Input records below:

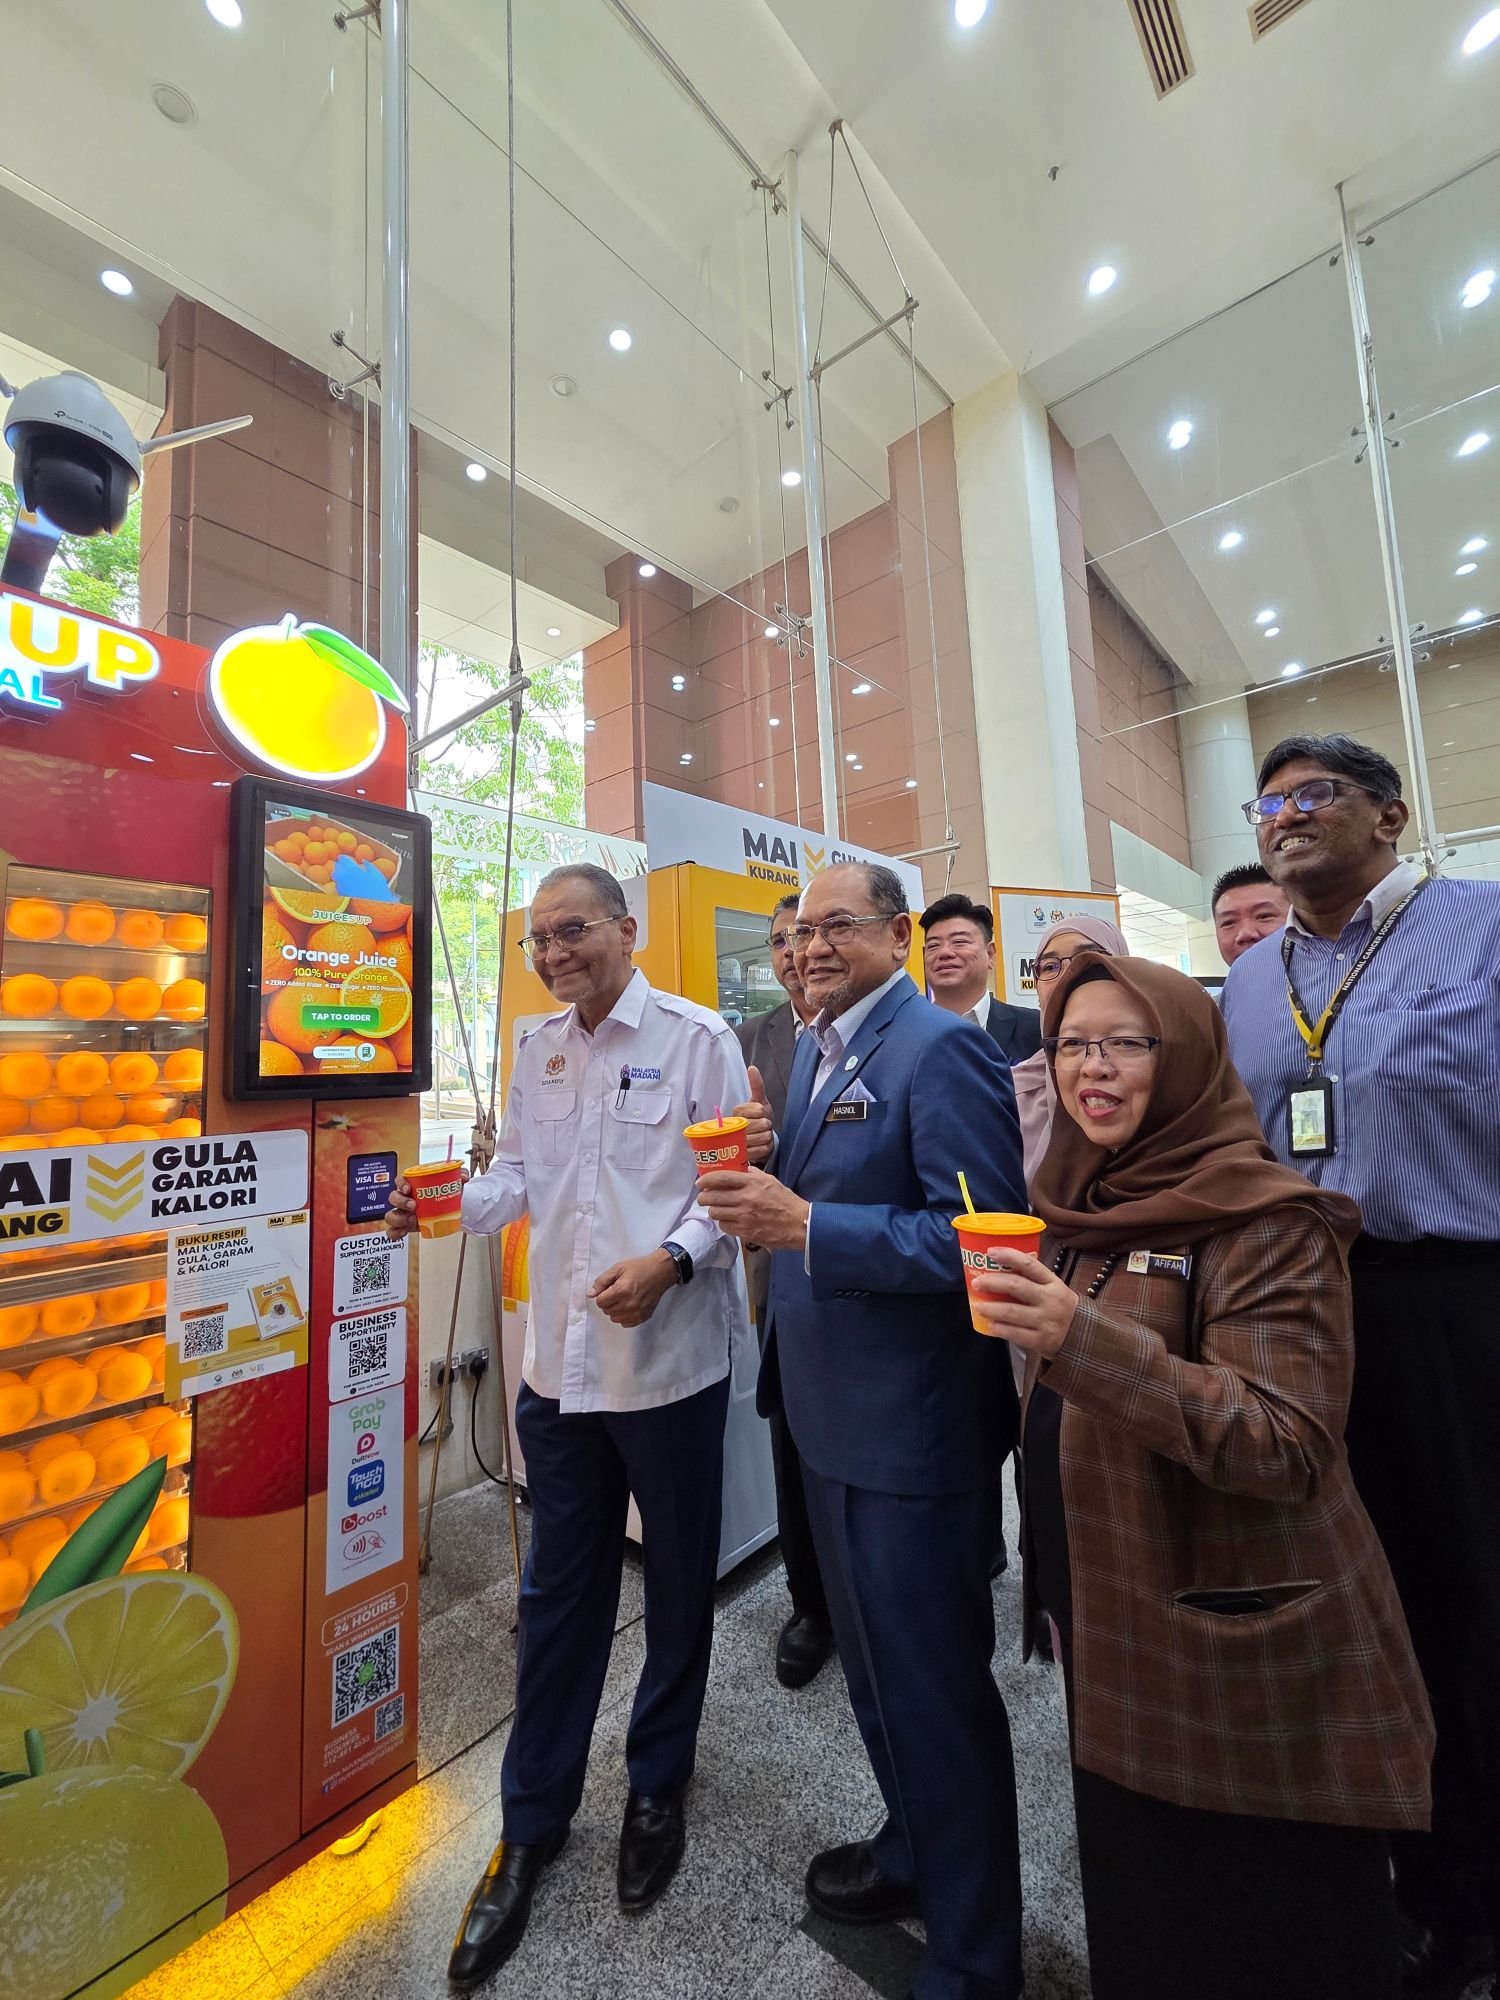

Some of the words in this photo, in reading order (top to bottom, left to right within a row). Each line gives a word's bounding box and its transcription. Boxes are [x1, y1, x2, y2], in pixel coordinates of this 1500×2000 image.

[742, 827, 798, 869] MAI
[749, 865, 799, 887] KURANG
[313, 910, 373, 925] JUICESUP
[281, 945, 350, 966] Orange
[354, 951, 397, 968] Juice
[1342, 960, 1366, 991] NATIONAL
[1362, 935, 1383, 960] CANCER
[1379, 912, 1398, 935] SOCIETY
[293, 968, 321, 978] 100%
[324, 971, 347, 979] Pure
[353, 973, 388, 983] Orange
[312, 1012, 329, 1020] TAP
[630, 1072, 660, 1080] MADANI
[833, 1106, 856, 1114] HASNOL
[152, 1140, 258, 1171] GULA
[151, 1165, 258, 1192] GARAM
[355, 1176, 372, 1184] VISA
[151, 1187, 257, 1217] KALORI
[177, 1233, 209, 1247] BUKU
[211, 1228, 244, 1241] RESIPI
[177, 1245, 200, 1257] MAI
[202, 1237, 249, 1253] KURANG
[381, 1242, 405, 1252] HOURS)
[177, 1253, 211, 1266] GULA,
[213, 1246, 254, 1260] GARAM
[1154, 1259, 1182, 1270] AFIFAH
[177, 1267, 186, 1276] &
[188, 1259, 229, 1274] KALORI
[339, 1311, 397, 1333] BUSINESS
[339, 1321, 397, 1341] OPPORTUNITY
[348, 1397, 386, 1420] Grab
[352, 1415, 381, 1433] Pay
[351, 1451, 380, 1465] DuitNow
[349, 1465, 383, 1485] Touch
[334, 1622, 349, 1637] 24
[352, 1597, 397, 1628] HOURS
[351, 1621, 387, 1643] WHATSAPP
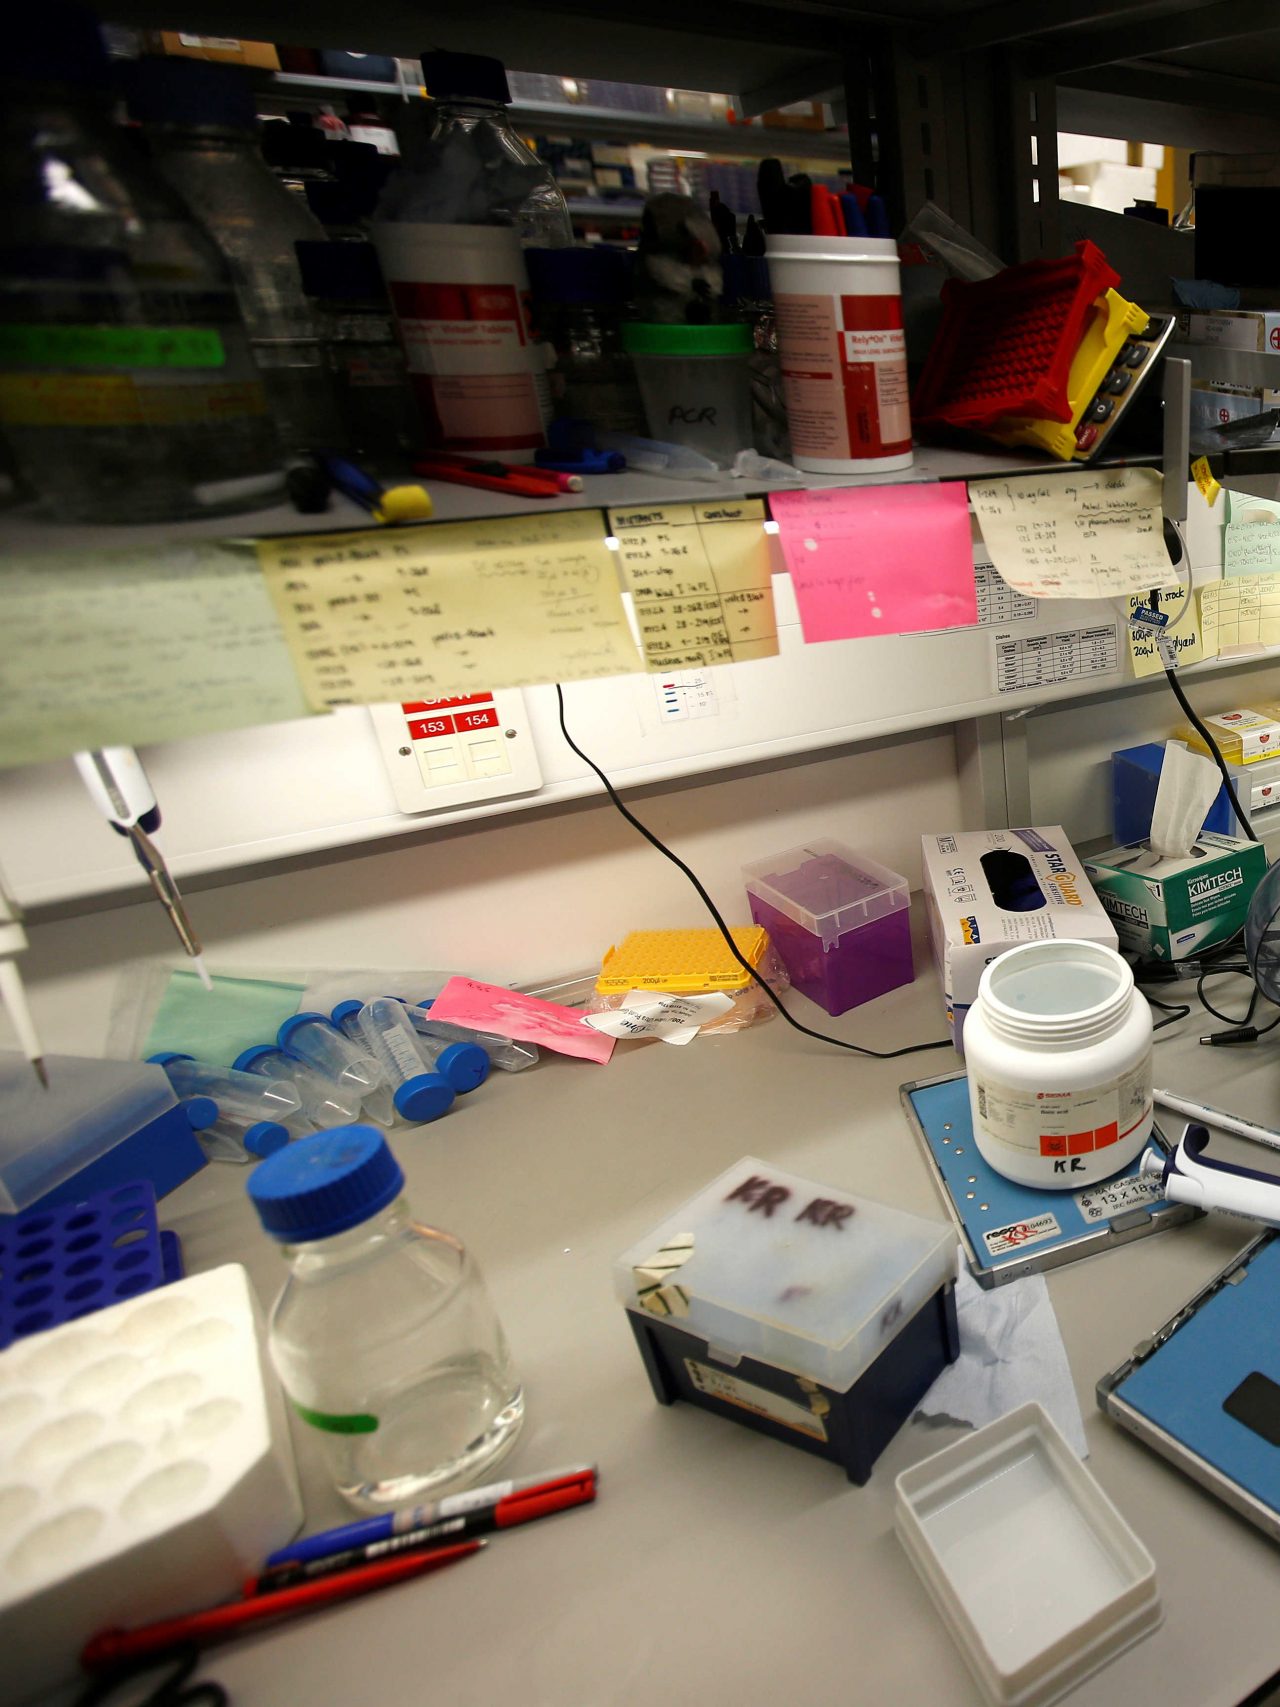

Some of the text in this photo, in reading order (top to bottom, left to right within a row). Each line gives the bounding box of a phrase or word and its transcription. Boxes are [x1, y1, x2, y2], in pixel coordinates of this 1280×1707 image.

[668, 404, 717, 426] PCR
[1140, 609, 1164, 621] PASSED
[420, 714, 489, 733] 153 154
[1188, 866, 1243, 897] KIMTECH
[1101, 895, 1148, 922] KIMTECH
[642, 977, 661, 985] 200µl
[1054, 1157, 1086, 1173] KR
[723, 1175, 793, 1218] KR
[1101, 1194, 1118, 1206] 13
[1132, 1183, 1148, 1195] 18
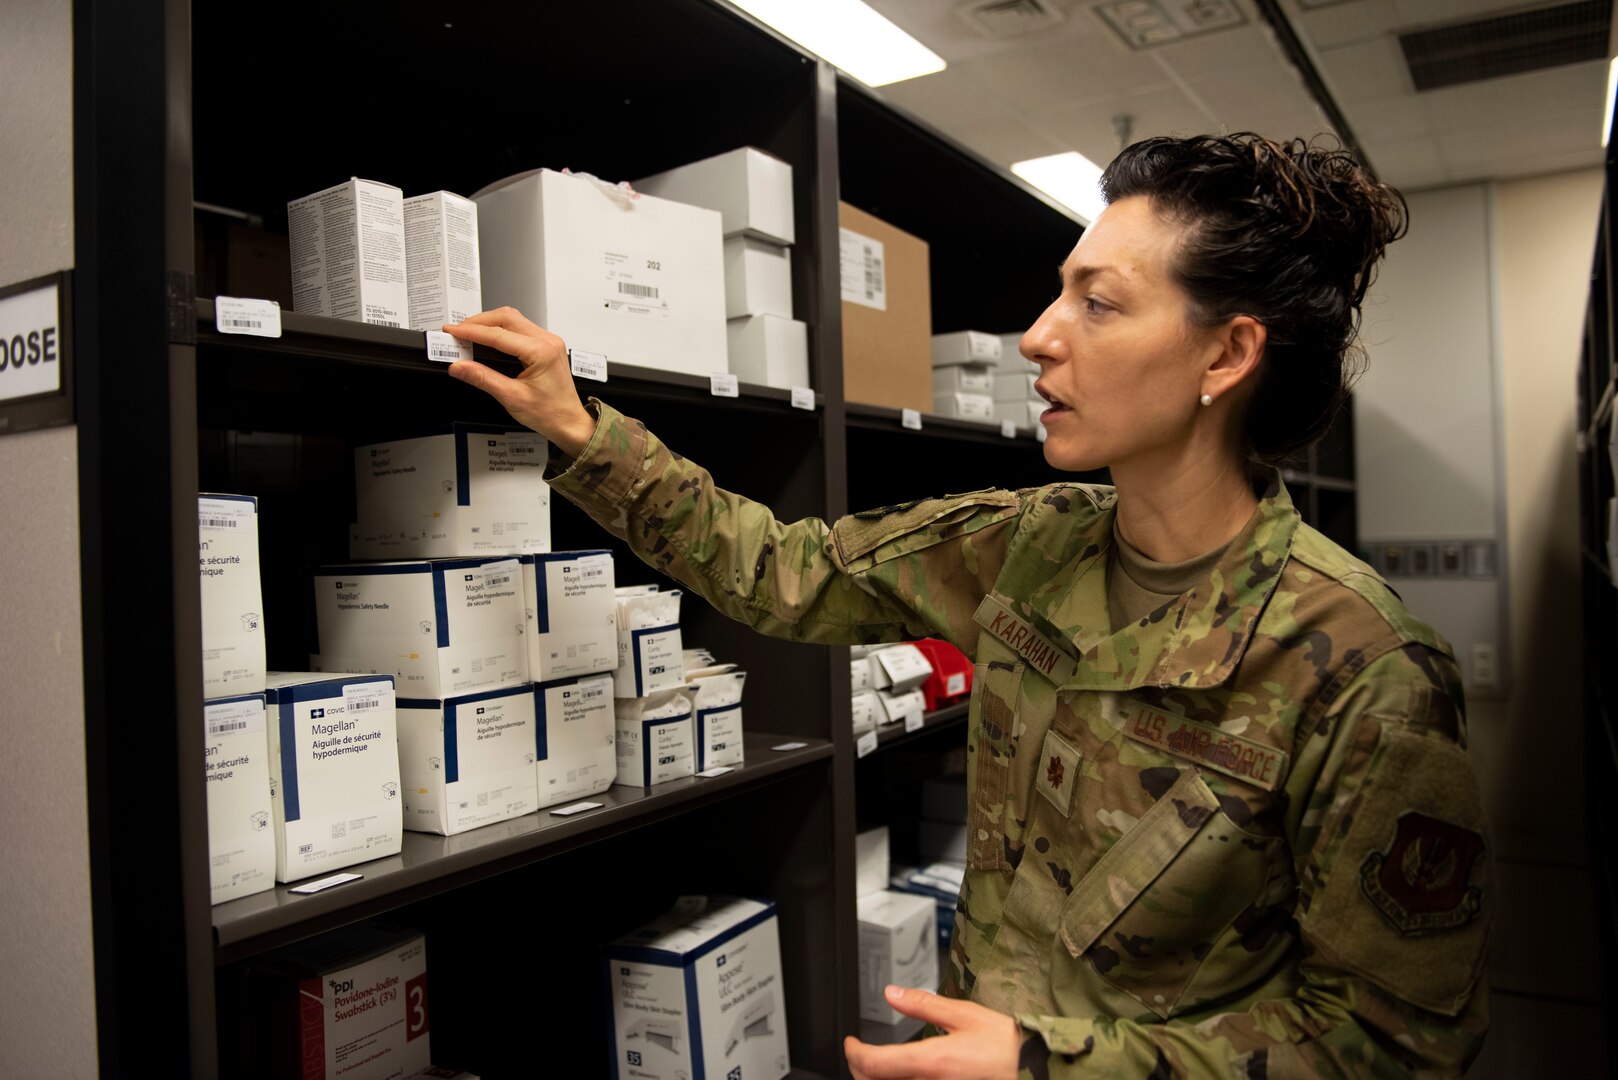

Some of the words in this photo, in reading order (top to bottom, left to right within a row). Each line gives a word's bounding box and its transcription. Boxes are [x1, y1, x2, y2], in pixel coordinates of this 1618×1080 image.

[647, 260, 661, 271] 202
[207, 555, 240, 565] sécurité
[374, 602, 389, 610] Needle
[989, 611, 1061, 675] KARAHAN
[312, 737, 342, 750] Aiguille
[343, 735, 353, 745] de
[354, 731, 382, 743] sécurité
[312, 743, 369, 760] hypodermique
[1174, 723, 1212, 758] AIR
[1216, 735, 1276, 783] FORCE
[216, 755, 250, 770] sécurité
[389, 789, 396, 797] 50
[259, 820, 267, 828] 50
[300, 845, 311, 853] REF
[334, 979, 354, 995] PDI
[334, 975, 400, 1009] Povidone-Iodine
[334, 997, 377, 1023] Swabstick
[379, 987, 398, 1007] (3's)
[409, 985, 425, 1032] 3
[627, 1052, 641, 1065] 35

End of Input records.

▶ **Your goal**: Keep every word of the data as it is when you write it out, but drop the pictures.

▶ **Solved exercise**:
Some of the words in this photo, in reading order (top to bottom, left to right within a row). Each line gives a word's bounding box and its transcription. Boxes are [x1, y1, x2, y2], in pixel coordinates of this 1500×2000 image.

[742, 827, 798, 869] MAI
[749, 865, 799, 887] KURANG
[313, 910, 373, 925] JUICESUP
[281, 945, 350, 966] Orange
[354, 951, 397, 968] Juice
[1342, 960, 1366, 991] NATIONAL
[1362, 935, 1383, 960] CANCER
[1379, 912, 1398, 935] SOCIETY
[293, 968, 321, 978] 100%
[324, 971, 347, 979] Pure
[353, 973, 388, 983] Orange
[312, 1012, 329, 1020] TAP
[630, 1072, 660, 1080] MADANI
[833, 1106, 856, 1114] HASNOL
[152, 1140, 258, 1171] GULA
[151, 1165, 258, 1192] GARAM
[355, 1176, 372, 1184] VISA
[151, 1187, 257, 1217] KALORI
[177, 1233, 209, 1247] BUKU
[211, 1228, 244, 1241] RESIPI
[177, 1245, 200, 1257] MAI
[202, 1237, 249, 1253] KURANG
[381, 1242, 405, 1252] HOURS)
[177, 1253, 211, 1266] GULA,
[213, 1246, 254, 1260] GARAM
[1154, 1259, 1182, 1270] AFIFAH
[177, 1267, 186, 1276] &
[188, 1259, 229, 1274] KALORI
[339, 1311, 397, 1333] BUSINESS
[339, 1321, 397, 1341] OPPORTUNITY
[348, 1397, 386, 1420] Grab
[352, 1415, 381, 1433] Pay
[351, 1451, 380, 1465] DuitNow
[349, 1465, 383, 1485] Touch
[334, 1622, 349, 1637] 24
[352, 1597, 397, 1628] HOURS
[351, 1621, 387, 1643] WHATSAPP

Some of the text in this photo, in reading order (top to bottom, left to right within a row). Each line gives the bounding box of a phrase or word and its transcription. Boxes are [x1, y1, x2, y2], in pixel coordinates of this 1280×1707 image.

[668, 404, 717, 426] PCR
[1140, 609, 1164, 621] PASSED
[420, 714, 489, 733] 153 154
[1188, 866, 1243, 897] KIMTECH
[1101, 895, 1148, 922] KIMTECH
[642, 977, 661, 985] 200µl
[1054, 1157, 1086, 1173] KR
[723, 1175, 793, 1218] KR
[1101, 1194, 1118, 1206] 13
[1132, 1183, 1148, 1195] 18

Some of the words in this photo, in reading order (top to bottom, left to right within a row). Each line gives a word's bounding box and its transcription. Boxes are [x1, y1, x2, y2], in pixel coordinates of this 1618×1080 image.

[647, 260, 661, 271] 202
[207, 555, 240, 565] sécurité
[374, 602, 389, 610] Needle
[989, 611, 1061, 675] KARAHAN
[312, 737, 342, 750] Aiguille
[343, 735, 353, 745] de
[354, 731, 382, 743] sécurité
[312, 743, 369, 760] hypodermique
[1174, 723, 1212, 758] AIR
[1216, 735, 1276, 783] FORCE
[216, 755, 250, 770] sécurité
[389, 789, 396, 797] 50
[259, 820, 267, 828] 50
[300, 845, 311, 853] REF
[334, 979, 354, 995] PDI
[334, 975, 400, 1009] Povidone-Iodine
[334, 997, 377, 1023] Swabstick
[379, 987, 398, 1007] (3's)
[409, 985, 425, 1032] 3
[627, 1052, 641, 1065] 35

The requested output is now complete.